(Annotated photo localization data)
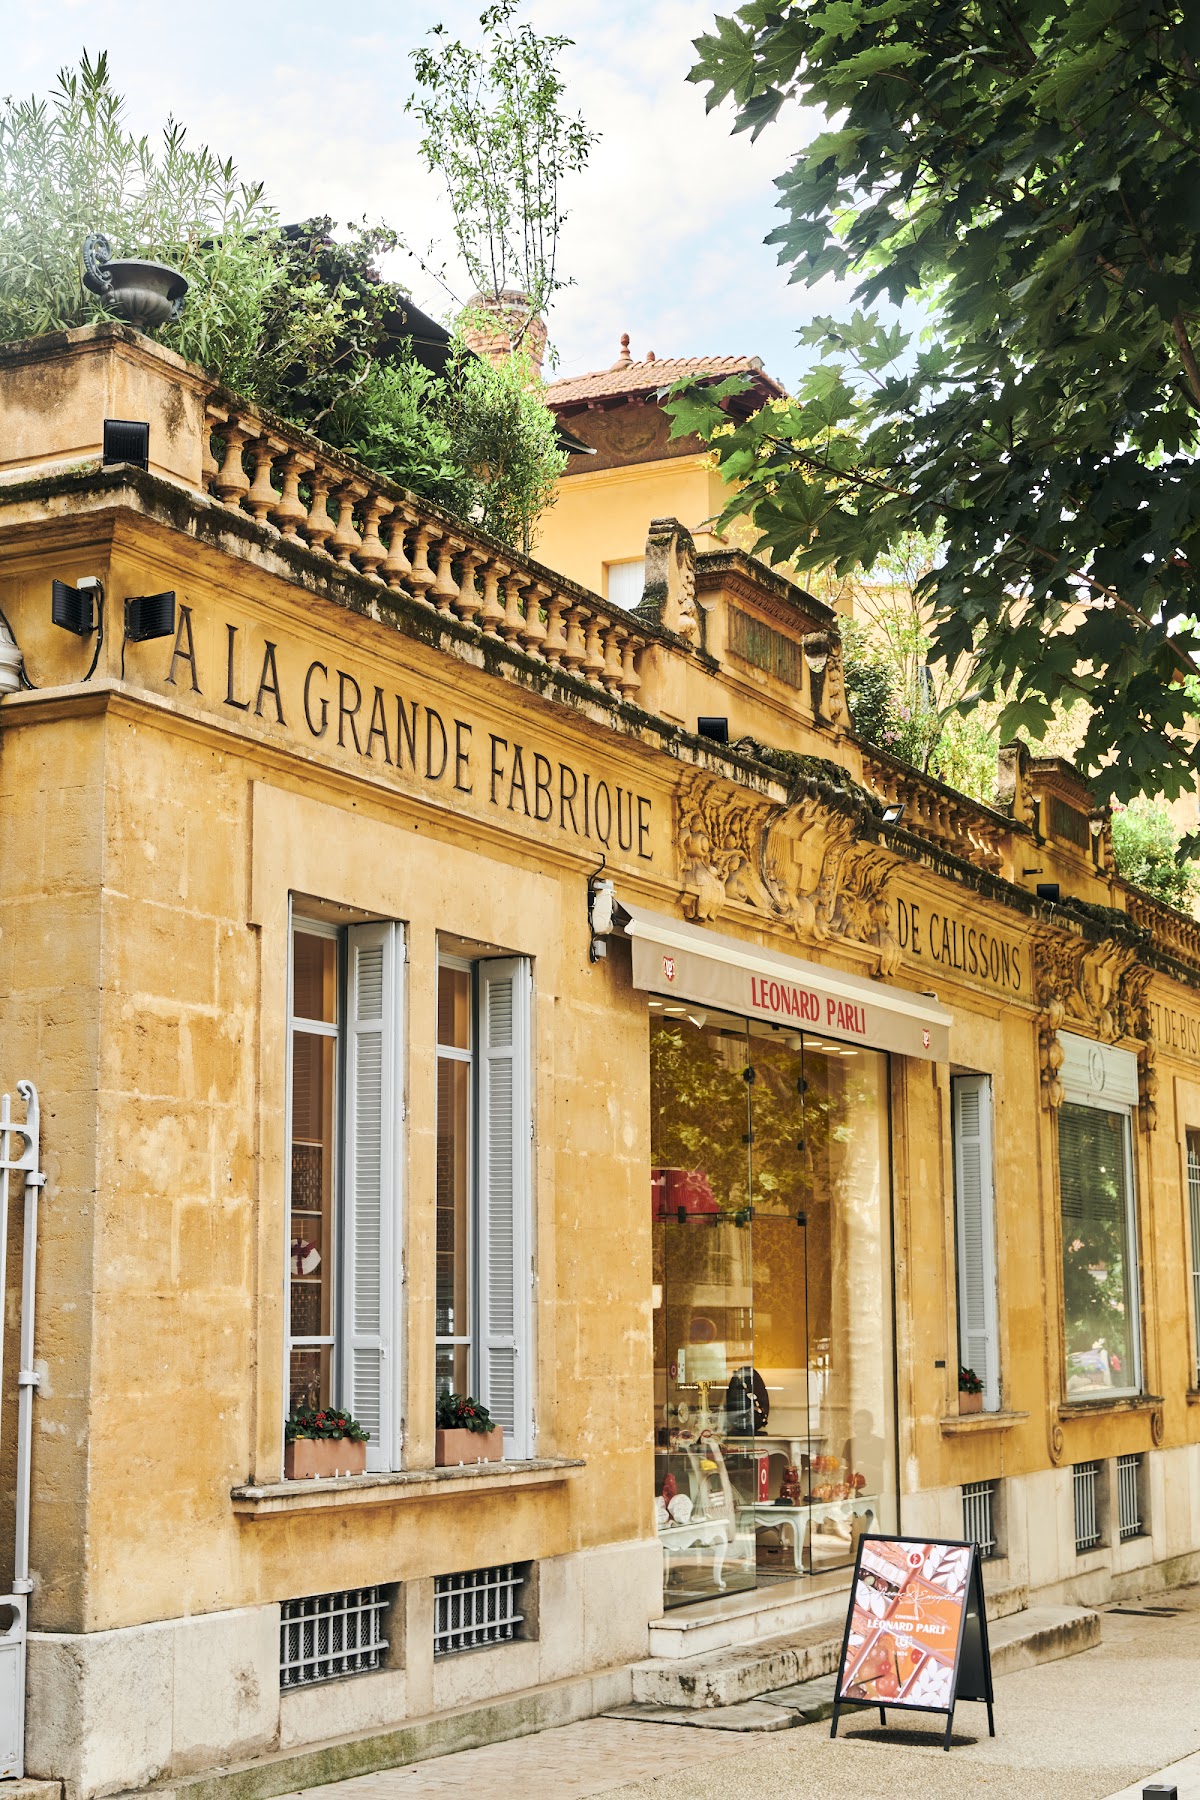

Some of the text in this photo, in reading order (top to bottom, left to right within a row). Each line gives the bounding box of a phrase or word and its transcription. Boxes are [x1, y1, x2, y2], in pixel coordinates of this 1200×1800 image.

[164, 603, 654, 861] A LA GRANDE FABRIQUE
[896, 897, 1021, 991] DE CALISSONS
[751, 976, 866, 1034] LEONARD PARLI
[1164, 1007, 1178, 1048] DE
[867, 1618, 914, 1632] LÉONARD
[915, 1623, 946, 1635] PARLI
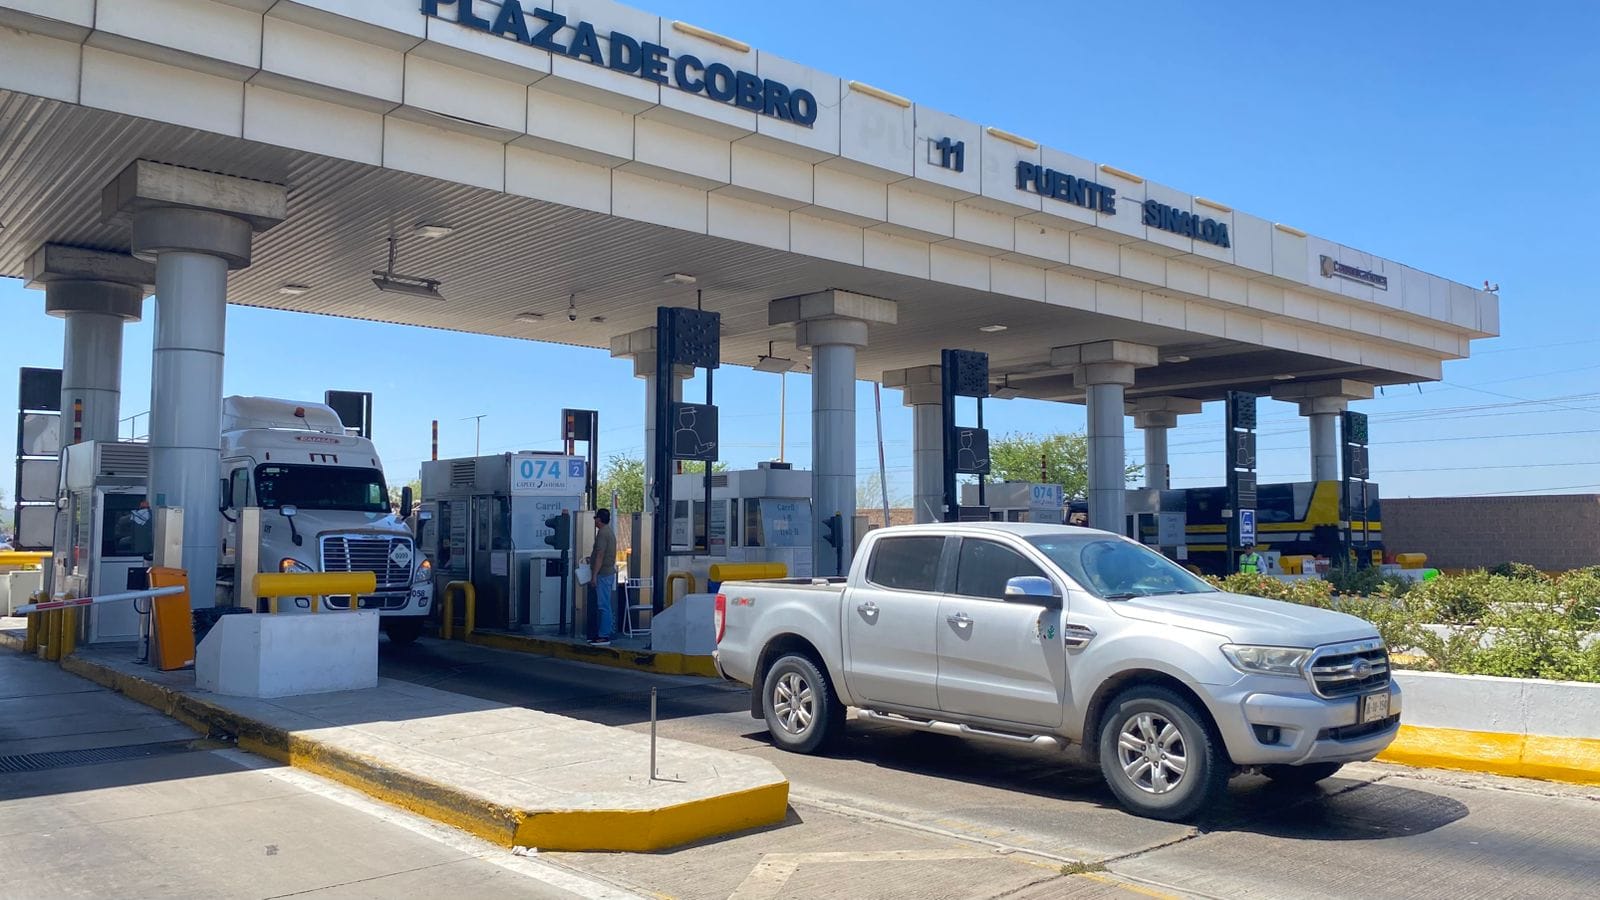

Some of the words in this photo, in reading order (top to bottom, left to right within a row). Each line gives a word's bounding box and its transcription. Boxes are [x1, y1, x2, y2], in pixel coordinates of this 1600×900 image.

* Task item:
Write out the entries above verbatim; the pictures do not belong in your copy.

* Output below:
Some of the text in this photo, in reading order (top to bottom, left to right within a row). Each line gives the bounding box of a phrase or word and its transcription. Boxes are [x1, y1, x2, y2], in pixel coordinates of this 1200×1800 image.

[164, 603, 654, 861] A LA GRANDE FABRIQUE
[896, 897, 1021, 991] DE CALISSONS
[751, 976, 866, 1034] LEONARD PARLI
[1164, 1007, 1178, 1048] DE
[867, 1618, 914, 1632] LÉONARD
[915, 1623, 946, 1635] PARLI

Some of the words in this photo, in reading order (top to bottom, left to right within a row). Each line gives a word's bounding box and its transcription. Boxes are [x1, y1, x2, y2], in pixel coordinates of this 1600×900 image.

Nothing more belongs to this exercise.